= Description of the task =
Produce a faithful copy of the data, one that leaves out the pictures.

[Collection entries]
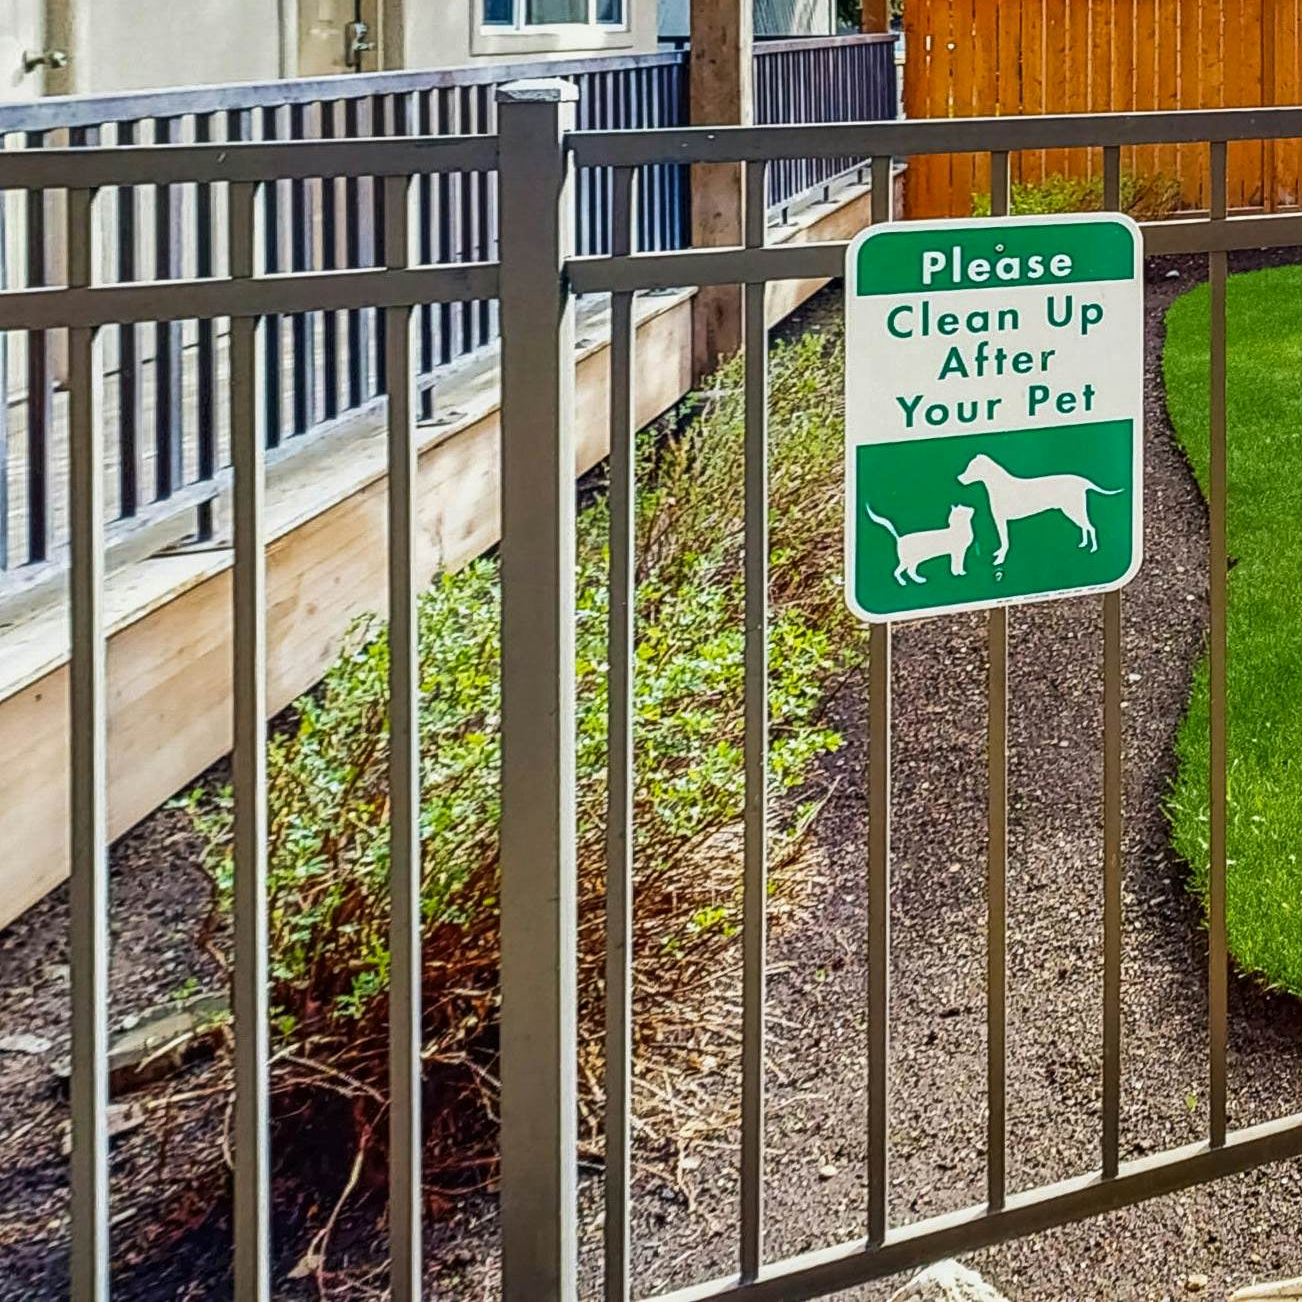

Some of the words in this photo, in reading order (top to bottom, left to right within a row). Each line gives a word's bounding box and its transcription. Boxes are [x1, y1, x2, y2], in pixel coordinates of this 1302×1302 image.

[922, 245, 1073, 285] Please
[886, 300, 1019, 339] Clean
[1047, 295, 1104, 336] Up
[938, 341, 1056, 380] After
[896, 394, 1002, 428] Your
[1028, 384, 1095, 417] Pet

= Expected answer =
Some of the words in this photo, in reading order (top to bottom, left to right within a row). Each line gives a word's bounding box and its transcription. Boxes are [x1, y1, x2, y2], in pixel coordinates of this 1302×1302 image.

[922, 245, 1073, 285] Please
[886, 300, 1019, 339] Clean
[1047, 295, 1104, 336] Up
[938, 341, 1056, 380] After
[896, 394, 1002, 428] Your
[1028, 384, 1095, 417] Pet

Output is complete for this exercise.